All obligations of the Issuer set forth in the preceding paragraph that are outstanding with respect to any Transfer Restricted Security at the time such security ceases to be a Transfer Restricted Security shall survive until such time as all such obligations with respect to such Security shall have been satisfied in full.

SECTION 6. REGISTRATION PROCEDURES

(a)  Exchange Offer Registration Statement . In connection with the Exchange Offer, the Issuer shall comply with all of the provisions of Section 6(c) below, shall use its best efforts to effect such exchange to permit the sale of Transfer Restricted Securities being sold in accordance with the intended method or methods of distribution thereof, and shall comply with all of the following provisions:

(i) As a condition to its participation in the Exchange Offer pursuant to the terms of this Agreement, each Holder of Transfer Restricted Securities shall furnish, prior to the Completion thereof, a written representation to the Issuer (which may be contained in the letter of transmittal contemplated by the Exchange Offer Registration Statement) to the effect that (A) it is not an “affiliate” of the Issuer, as defined in Rule 405 under the Act, (B) it is not engaged in, and does not intend to engage in, and has no arrangement or understanding with any person to participate in, a distribution of the Exchange Securities to be issued in the Exchange Offer and (C) it is acquiring the Exchange Securities in its ordinary course of business. In addition, all such Holders of Transfer Restricted Securities shall otherwise cooperate in the Issuer’s preparations for the Exchange Offer. Each Holder hereby acknowledges and agrees that any Broker-Dealer and any such Holder using the Exchange Offer to participate in a distribution of the securities to be acquired in the Exchange Offer (1) could not under Commission staff policy as in effect on the date of this Agreement rely on the position of the Commission staff enunciated in Morgan Stanley and Co., Inc. (available June 5, 1991) and Exxon Capital Holdings Corporation (available May 13, 1988), as interpreted in the Commission staff’s no-action letter to Shearman & Sterling dated July 2, 1993, and similar no-action letters and (2) must comply with the registration and prospectus delivery requirements of the Act in connection with a secondary resale transaction and that such a secondary resale transaction should be covered by an effective registration statement containing the selling security holder information required by Item 507 or 508, as applicable, of Regulation S-K if the resales are of Exchange Securities obtained by such Holder in exchange for Transfer Restricted Securities acquired by such Holder directly from the Issuer.

(ii) Prior to effectiveness of the Exchange Offer Registration Statement, the Issuer shall, if requested by the staff of the Commission, provide a supplemental letter to the Commission (A) stating that the Issuer is registering the Exchange Offer in reliance on the position of the Commission staff enunciated in Exxon Capital Holdings Corporation (available May 13, 1988) and Morgan Stanley and Co., Inc. (available June 5, 1991) and (B) including a representation that the Issuer has not entered into any arrangement or understanding with any Person to distribute the Exchange Securities to be received in the Exchange Offer and that, if such is the case, to the best of the Issuer’s information and belief, each Holder participating in the Exchange Offer is acquiring the Exchange Securities in its ordinary course of business and has no arrangement or understanding with any Person to participate in the distribution of the Exchange Securities received in the Exchange Offer.

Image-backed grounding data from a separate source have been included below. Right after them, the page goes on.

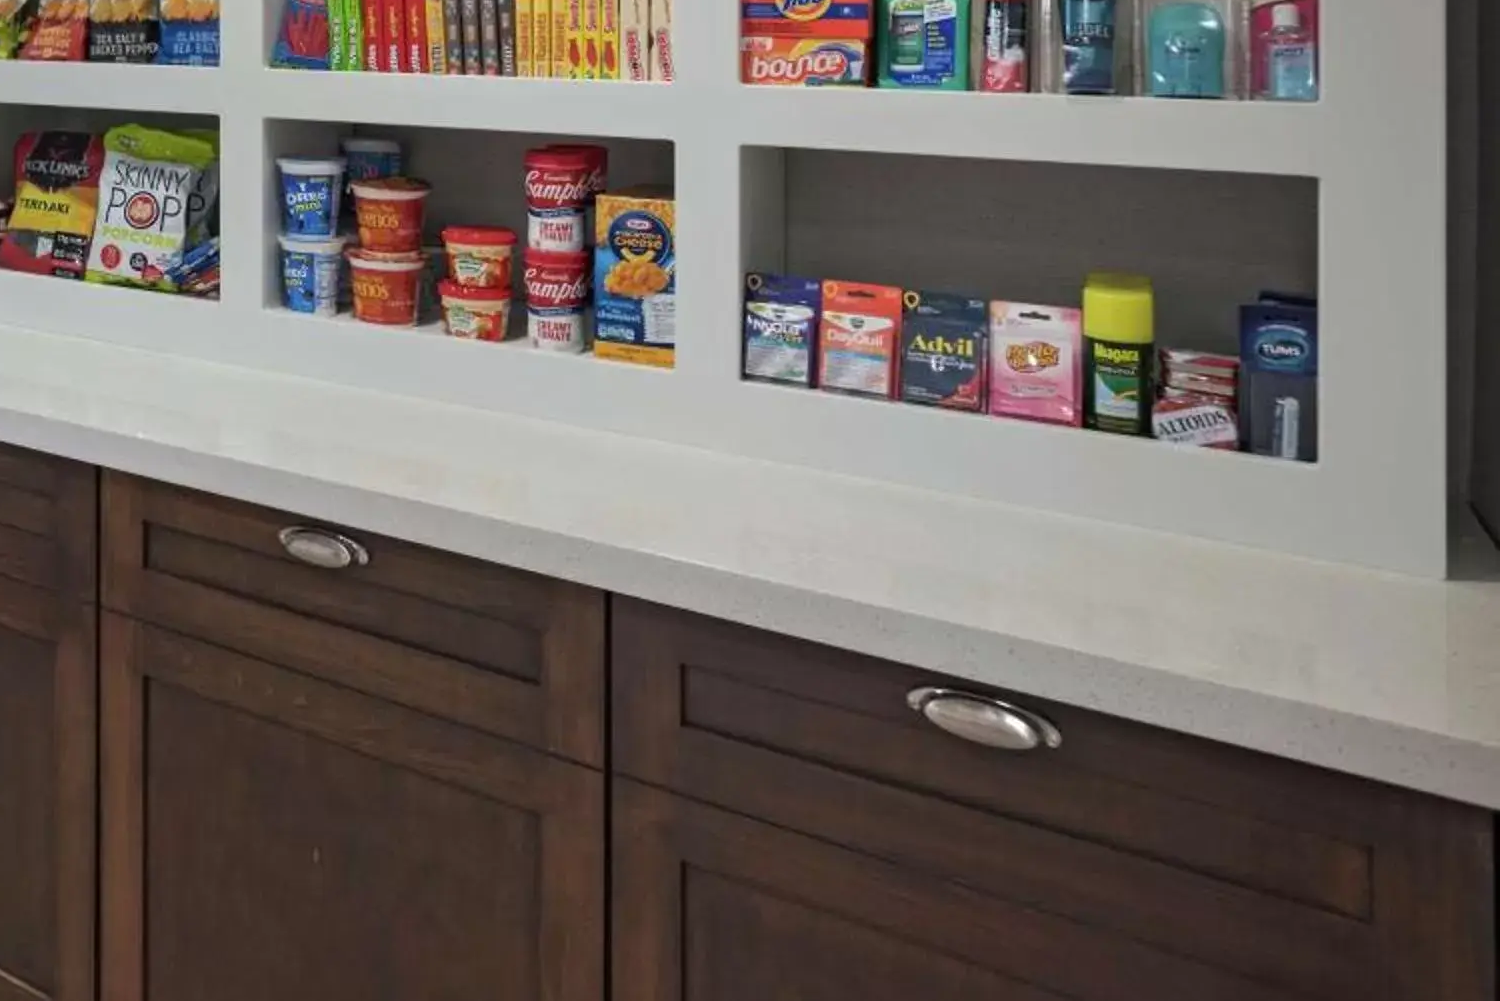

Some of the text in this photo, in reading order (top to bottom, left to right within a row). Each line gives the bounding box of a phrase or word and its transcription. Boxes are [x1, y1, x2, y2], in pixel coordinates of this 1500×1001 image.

[751, 50, 842, 80] bounce
[115, 159, 189, 194] SKINNY
[20, 198, 70, 215] TERIYAKI
[105, 186, 182, 232] POP
[102, 225, 178, 248] POPCORN
[909, 333, 975, 357] Advil
[1156, 410, 1227, 436] ALTOIDS
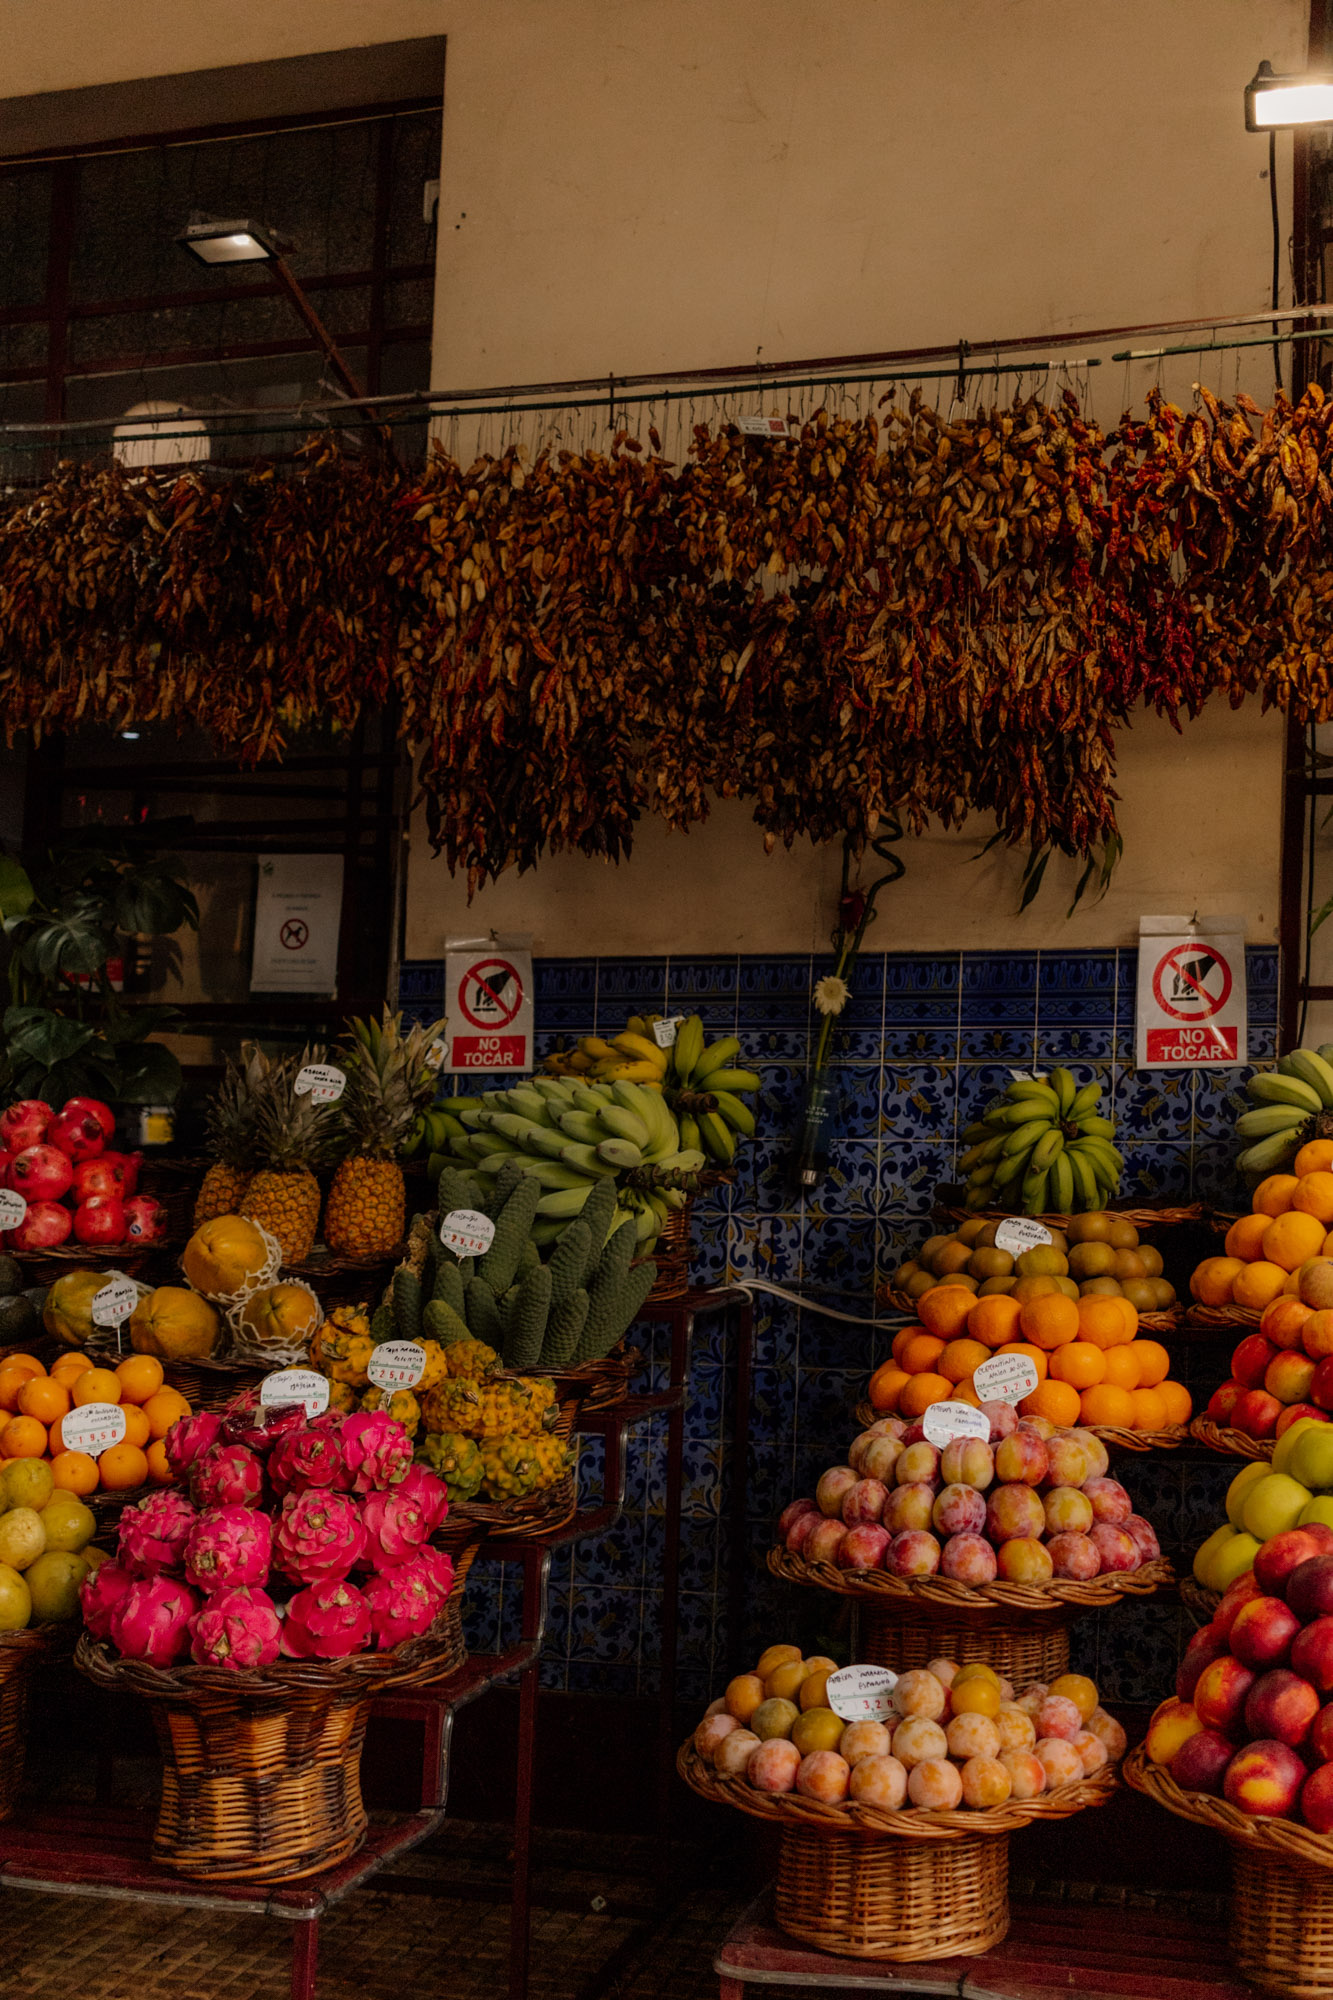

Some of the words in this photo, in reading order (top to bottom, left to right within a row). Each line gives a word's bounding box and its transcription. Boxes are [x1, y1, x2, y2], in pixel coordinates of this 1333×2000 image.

[1179, 1030, 1205, 1044] NO
[479, 1038, 500, 1051] NO
[464, 1052, 513, 1065] TOCAR
[1161, 1046, 1223, 1060] TOCAR

(b)  Shelf Registration Statement . In connection with the Shelf Registration Statement, the Issuer shall comply with all the provisions of Section 6(c) below and shall use reasonable efforts to effect such registration to permit the resale of the Transfer Restricted Securities being sold in accordance with the intended method or methods of distribution thereof, and pursuant thereto the Issuer will as expeditiously as possible prepare and file with the Commission a Shelf Registration Statement relating to the registration on any appropriate form under the Act, which form shall be available for the resale of the Transfer Restricted Securities in accordance with the intended method or methods of distribution thereof.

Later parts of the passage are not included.